IHC detection of CD31-positive blood vessels was performed as previously described 55 except heat-mediated antigen retrieval in citrate buffer, pH 6.0 was used. Slides were digitally scanned at ×20 magnification to facilitate image analysis and scoring. For quantification of CD31 positive blood vessels, ten 0.25 mm2 boxes were placed randomly across the tumor section using RandomSpot software version 6.02 56 and the number of CD31-positive vessels counted as described 57.
VEGFR2-positive blood vessels were identified and quantified in tissues using immunostaining with an anti-mouse VEGFR2 antibody (55B11, Cell Signaling Technologies). Sections were de-paraffinised before heat-mediated antigen retrieval in Tris/EDTA/Tween-20 (10 mM/1 mM/0.05%) buffer pH 9.0. Endogenous peroxidases and casein were also blocked, and then sections were incubated with rabbit anti-mouse antibody at 1:100 dilution for one hour at room temperature. After washing, a rabbit Envision-HRP polymer and DAB were used for visualization (Dako, United Kingdom). Slides were digitally scanned at ×20 magnification. VEGFR2 positive vessels in each tissue section were counted by a blinded observer.

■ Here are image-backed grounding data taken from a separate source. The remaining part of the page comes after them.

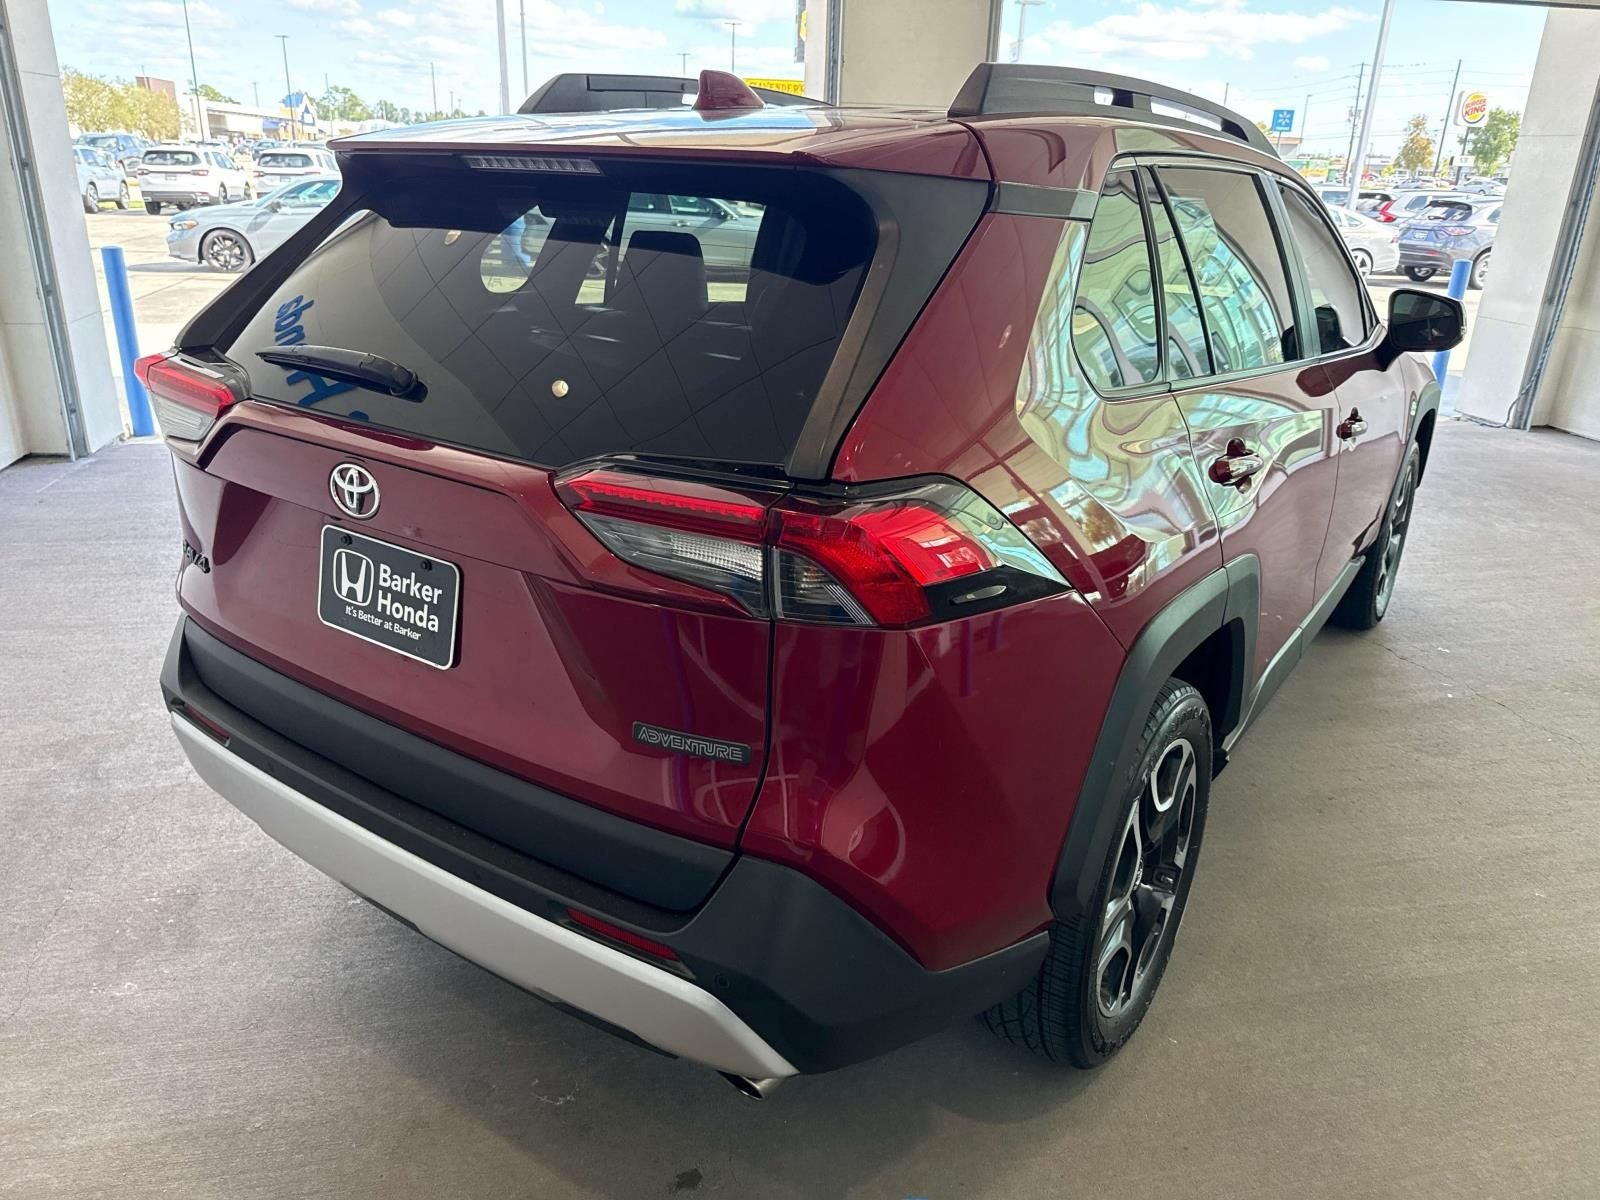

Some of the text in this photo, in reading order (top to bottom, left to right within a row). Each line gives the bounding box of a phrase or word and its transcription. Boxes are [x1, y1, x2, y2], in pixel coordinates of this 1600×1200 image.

[1465, 104, 1486, 117] KING
[378, 563, 443, 605] Barker
[345, 605, 422, 641] It's Better at Barker
[377, 590, 440, 633] Honda
[638, 726, 743, 761] ADVENTURE

Cleaved Caspase 3 staining of the tumors as a biomarker of apoptosis 47 and phosphorylated histone H2AX (pH2AX) staining were carried out manually as described, except the latter antibody was applied at a 1:400 dilution 58. pH2AX was used as a surrogate marker for irinotecan efficacy, as topoisomerase 1 inhibition causes single-strand DNA breaks, which are then converted to double-strand breaks during S phase. The entire tumor area was digitally scanned at ×20 magnification. Annotated tumor boundaries were used as regions of interest for automated analysis. An in-house developed algorithm was used to extract each region and block process the tissue at full resolution, using color deconvolution to separate staining channels into hematoxylin and DAB images, for analysis independently 59. The intensity of DAB staining was co-localized with a basic binary mask of foreground tissue (generated by thresholding of hue, saturation and intensity channels), in order to obtain the total percentage of positive pixels within the tumor area. The resulting percentage positive pixels were divided by the tumor area, as described previously.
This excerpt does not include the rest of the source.